It’s not like anything you’re expecting, but it’s deeply meaningful.Last summer, two French Dominicans, Br. Antoine and Br. Xavier, worked with two married couples to design a marriage renewal retreat for all the couples they had previously prepared for marriage. At the heart of the friendly and nourishing program they created is what they call a “love bomb.”
This creative name isn’t describing a romantic dinner or something of that sort, but a profoundly meaningful gesture: the “mandatum,” or new commandment, which they give to each other. Here’s what it involves: Each wife washes her husband’s hands, and then the husband, laying his hands on her head, blesses her. Then the husband washes his wife’s hands and she blesses him in turn.
Indeed, blessing is not a gesture reserved only for ordained ministers: through our baptism, we all participate in Christ’s priesthood, albeit in a different way than ordained ministers. Thus, as a couple, this gesture is a request to the Lord to come and bless our spouse, who is present at the heart of our lives through the grace of the sacrament of marriage.

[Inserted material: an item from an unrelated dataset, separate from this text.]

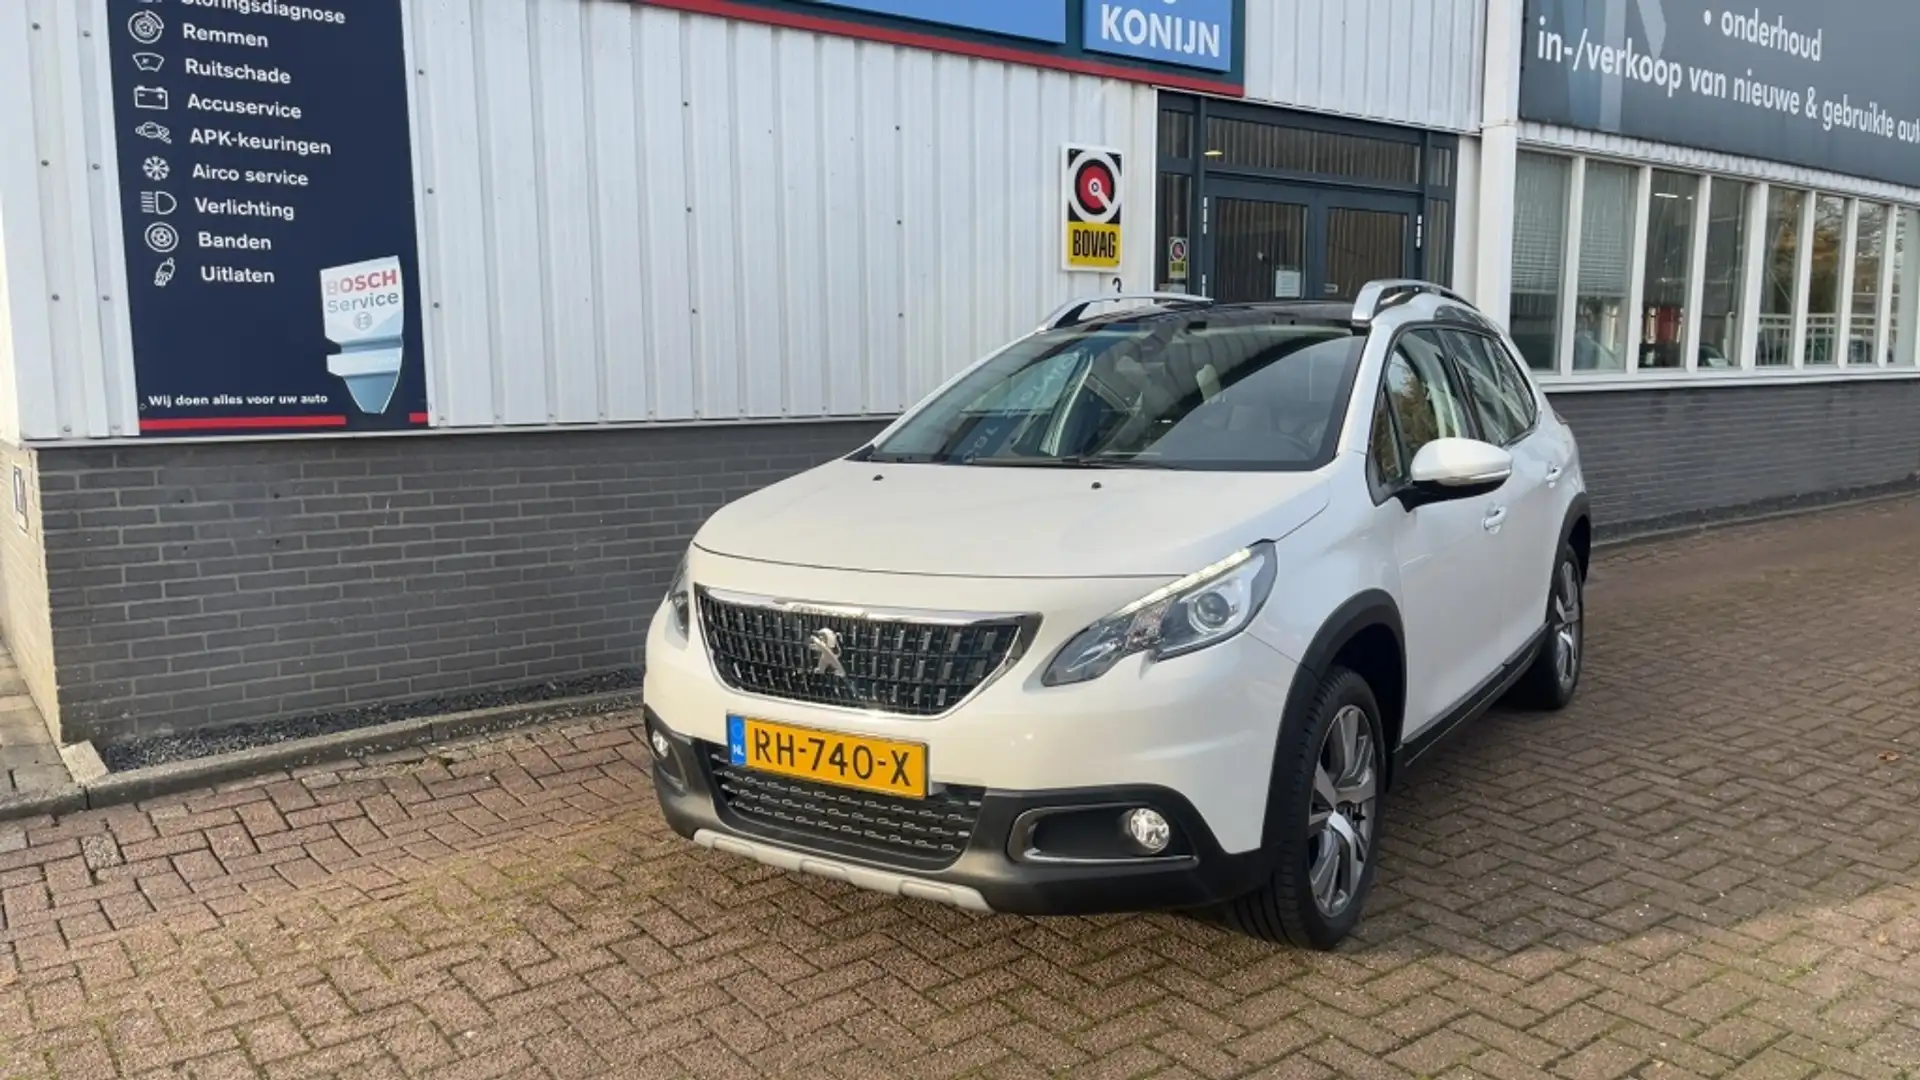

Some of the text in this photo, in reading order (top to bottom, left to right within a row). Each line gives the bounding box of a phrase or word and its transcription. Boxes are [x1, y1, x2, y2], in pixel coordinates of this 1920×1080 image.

This gesture is also one of respect, a way of saying, “I love you, and you do not belong to me,” or “I love you like no one else, with your strengths and weaknesses.”
Finally, it’s also a gesture of mutual service: “I love you and I want to serve you, make your life more beautiful every day, forgetting my worries and putting myself at your service.”
“Through this real gesture of intimacy, we were able to put the notion of self-giving back at the center of our relationship,” says one couple. “It reminded us of the importance of supporting each other, of truly seeing each other, of paying attention to each other in everything we do on a daily basis.”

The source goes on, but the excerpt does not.